House debates

Monday, 29 May 2017

Statements by Members

First Home Super Saver Scheme

4:41 pm

Photo of Luke HowarthLuke Howarth (Petrie, Liberal Party) Share this | | Hansard source

Budget 2017 is a good budget. There has been a lot of talk about its demonstrated commitment to education, small business, infrastructure, jobs, families and seniors. But what about young people? What is in this budget for young people? There is downward pressure on the cost of living. There are big boosts for roads, particularly the Bruce Highway through Moreton Bay and Brisbane. There is also, of course, us as a government endeavouring to return to surplus so that young people are not left with this generation's debt.

The big thing for young people is the First Home Super Saver Scheme for those wanting to save for their first home. If young people are looking to buy a unit for $350,000 or a house for $400,000, there is a great way they can save some money.
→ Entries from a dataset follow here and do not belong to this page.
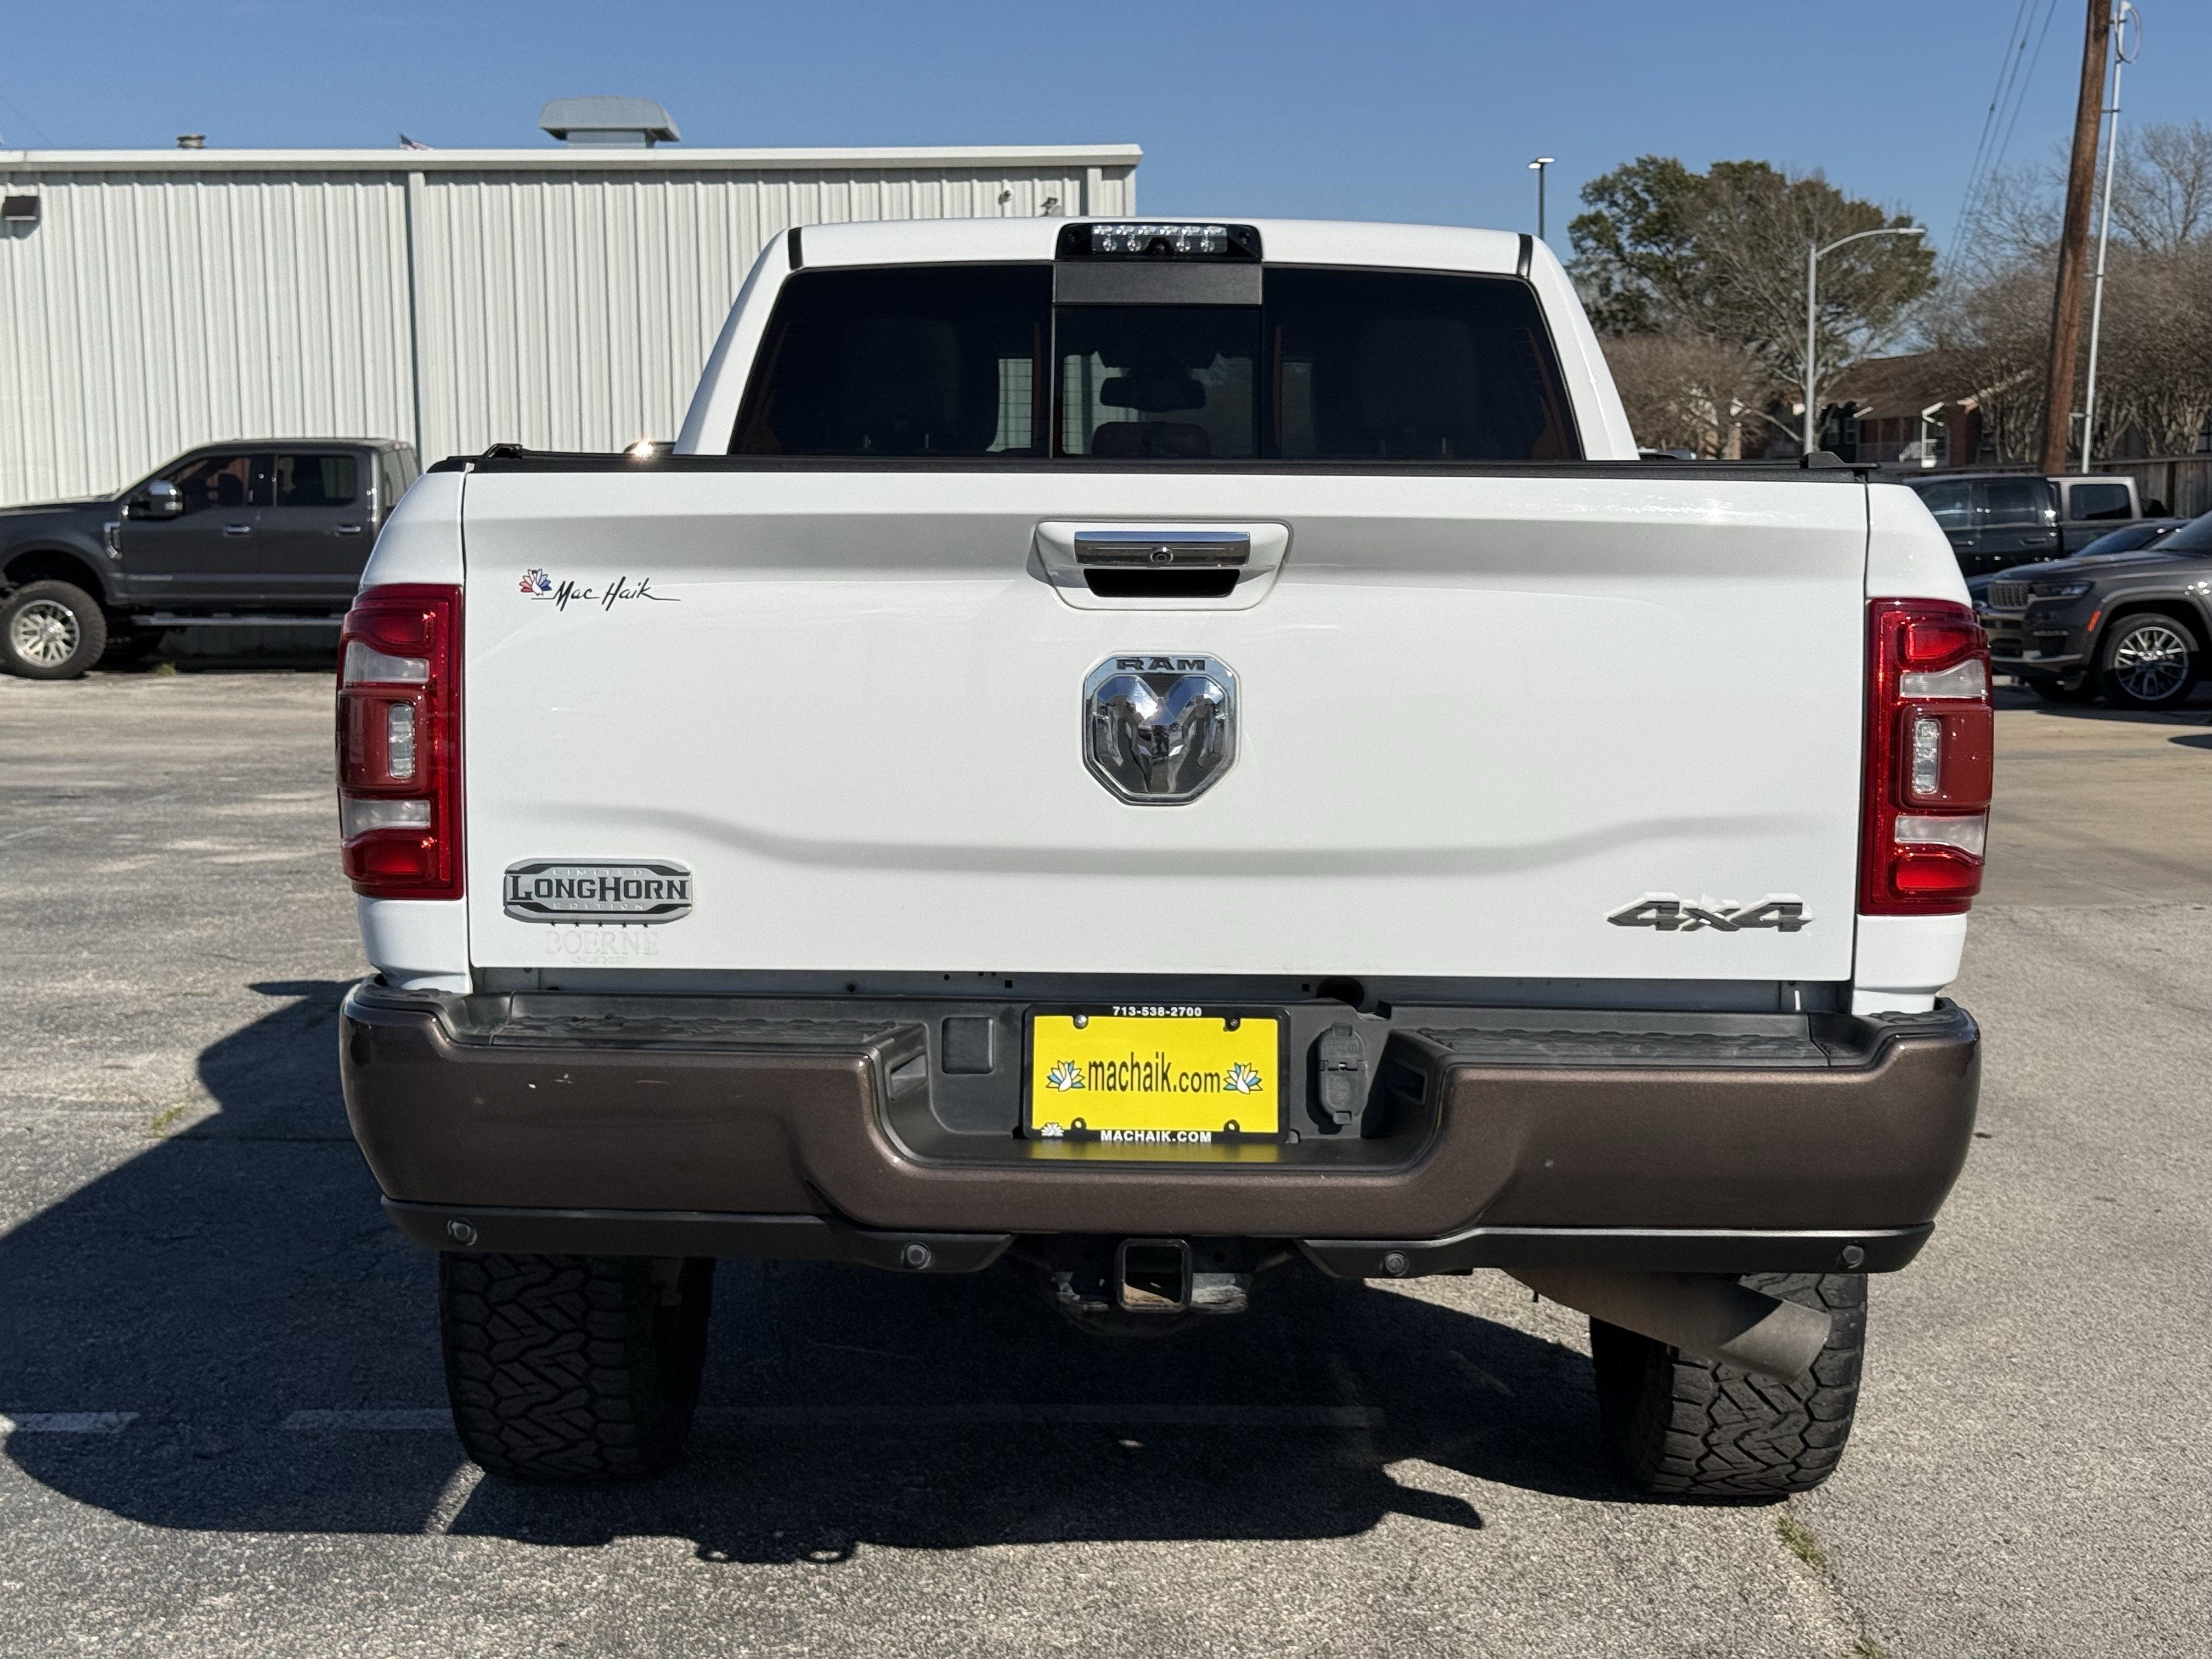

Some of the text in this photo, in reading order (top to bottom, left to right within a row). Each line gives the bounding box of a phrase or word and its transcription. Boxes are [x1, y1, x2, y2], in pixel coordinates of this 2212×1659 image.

[531, 575, 681, 612] Mac Haik
[1117, 658, 1205, 670] RAM
[544, 930, 659, 956] BOERNE
[1112, 1006, 1202, 1017] 713-538-2700
[1088, 1051, 1221, 1093] machaik.com
[1101, 1130, 1212, 1143] MACHAIK.COM
If they salary sacrifice $10,000 a year from their wage, from 1 July this year they will save some $5,250 in three years.
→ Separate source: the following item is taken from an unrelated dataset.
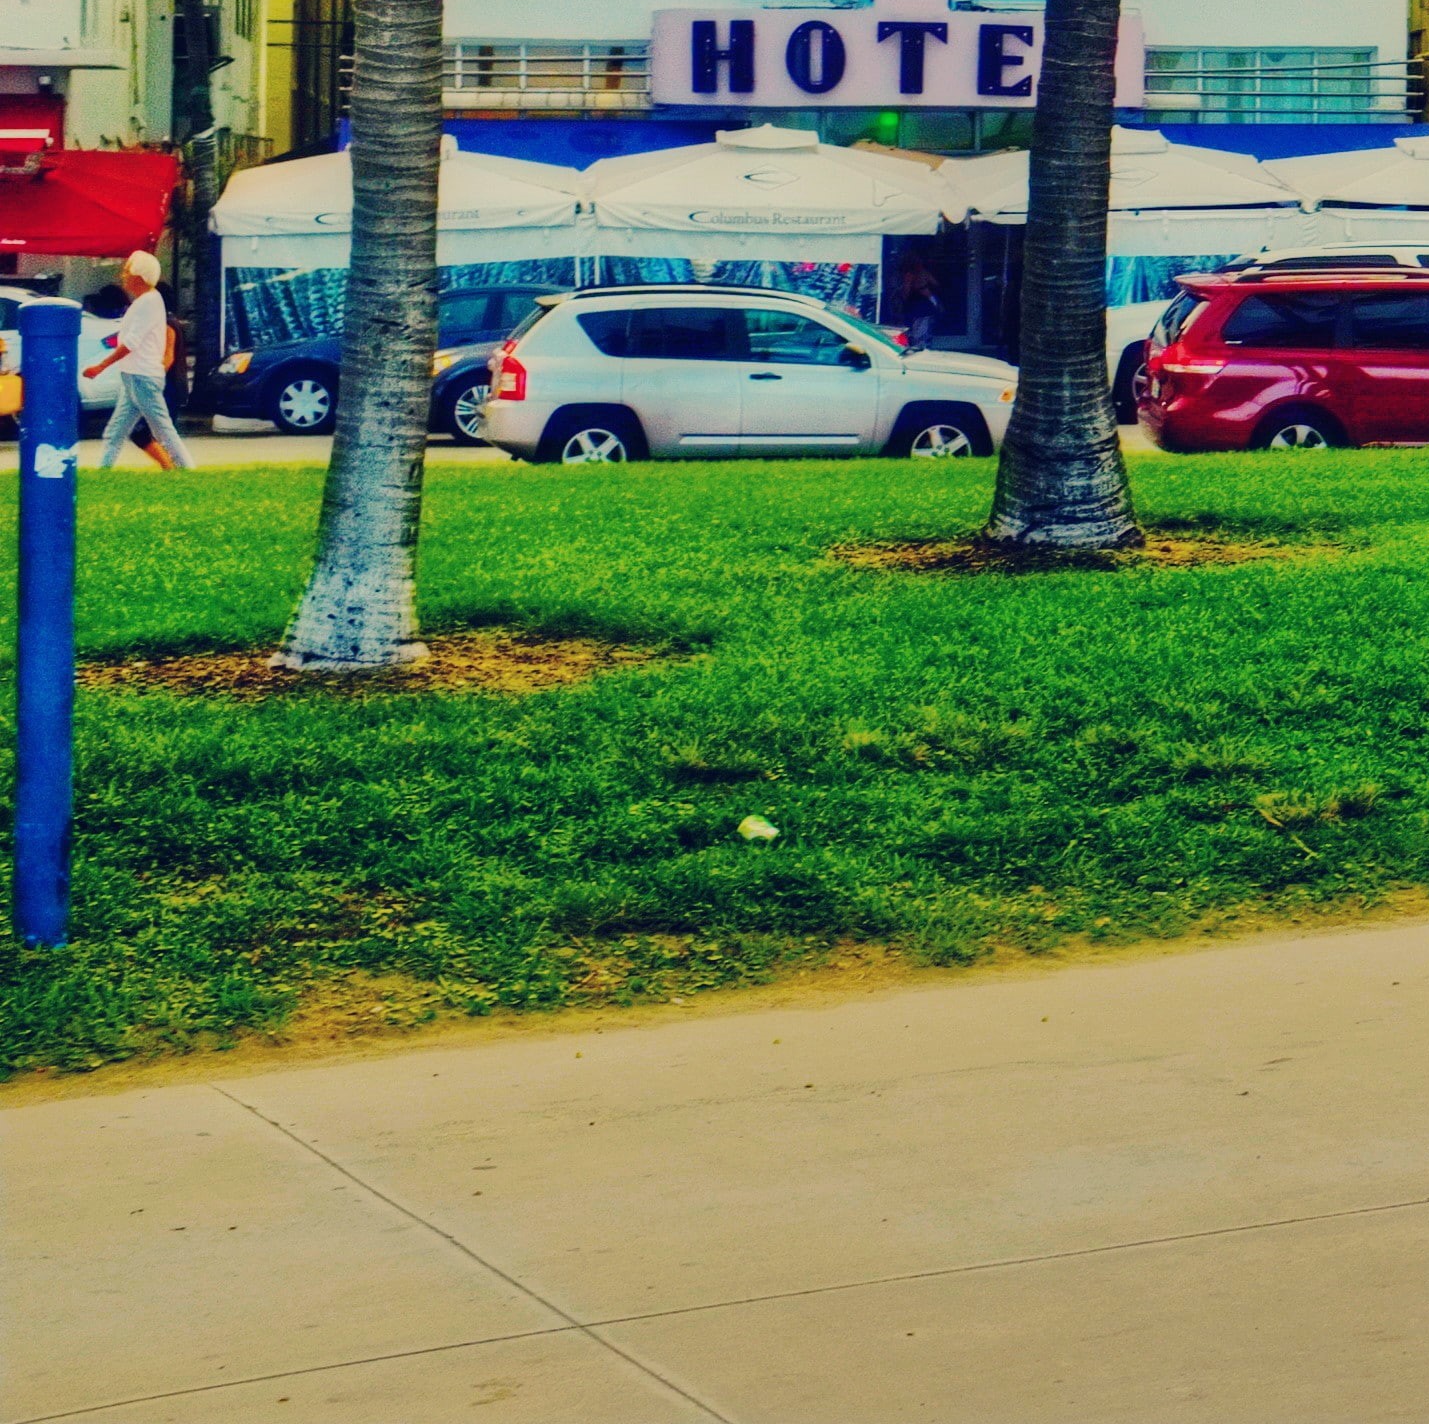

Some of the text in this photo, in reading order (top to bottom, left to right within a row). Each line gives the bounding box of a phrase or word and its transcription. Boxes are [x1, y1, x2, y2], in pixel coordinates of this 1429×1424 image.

[691, 19, 1035, 96] HOTE
[688, 210, 847, 226] Columbus Restaurant
Let me explain. If you put $10,000 into a bank account, after tax of 32½ per cent you are really only left with $6,750. By putting the money into the first home super scheme, you are taxed at 15 per cent, so from your $10,000 you will be left with $8,500. Over a three-year period you will have $5,250 in your pocket instead of it being in the government's. This is a great scheme from 1 July this year.